[Goal of the exercise]:
Only the pictures are to be left out, and the rest of the entries should be reproduced exactly.

** Opening Records for this task block **

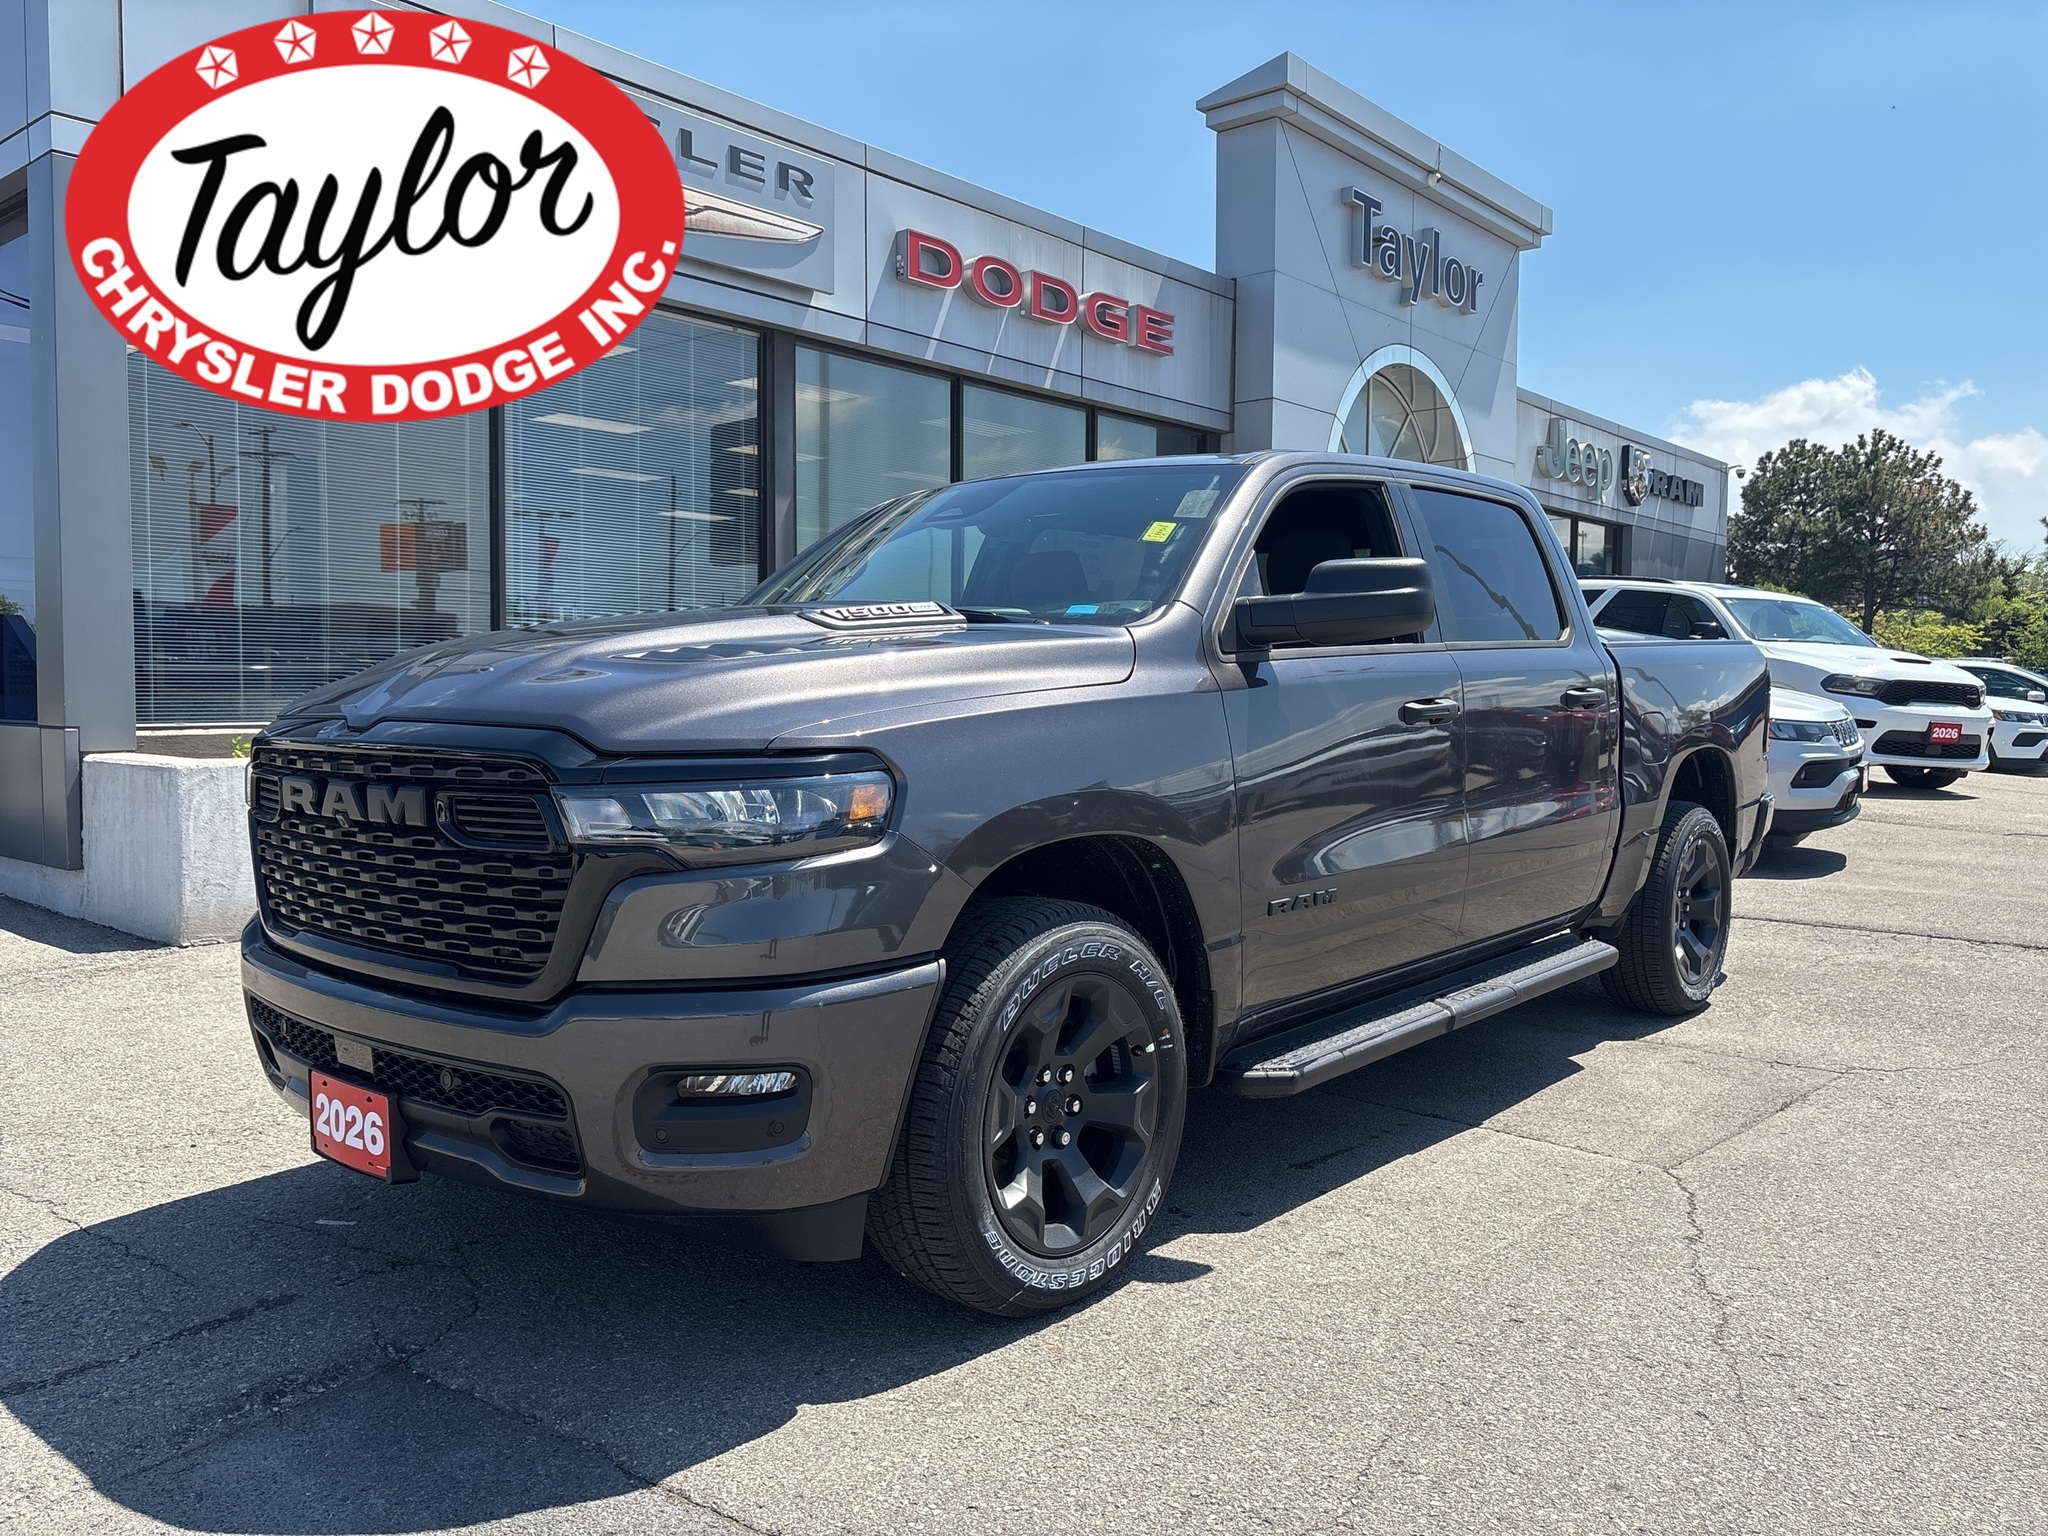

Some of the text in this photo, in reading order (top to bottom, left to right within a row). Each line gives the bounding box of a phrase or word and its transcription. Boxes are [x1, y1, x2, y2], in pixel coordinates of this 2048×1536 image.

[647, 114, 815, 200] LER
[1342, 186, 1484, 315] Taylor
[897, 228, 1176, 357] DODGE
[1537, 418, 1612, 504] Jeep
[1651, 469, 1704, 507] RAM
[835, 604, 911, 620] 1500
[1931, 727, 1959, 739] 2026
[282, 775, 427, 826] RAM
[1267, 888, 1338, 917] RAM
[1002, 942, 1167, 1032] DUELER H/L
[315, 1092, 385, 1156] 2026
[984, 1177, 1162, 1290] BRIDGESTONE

** Closing Records for this task block **

[Result of this exercise]:
Some of the text in this photo, in reading order (top to bottom, left to right within a row). Each line gives the bounding box of a phrase or word and its transcription. Boxes are [x1, y1, x2, y2], in pixel coordinates of this 2048×1536 image.

[647, 114, 815, 200] LER
[1342, 186, 1484, 315] Taylor
[897, 228, 1176, 357] DODGE
[1537, 418, 1612, 504] Jeep
[1651, 469, 1704, 507] RAM
[835, 604, 911, 620] 1500
[1931, 727, 1959, 739] 2026
[282, 775, 427, 826] RAM
[1267, 888, 1338, 917] RAM
[1002, 942, 1167, 1032] DUELER H/L
[315, 1092, 385, 1156] 2026
[984, 1177, 1162, 1290] BRIDGESTONE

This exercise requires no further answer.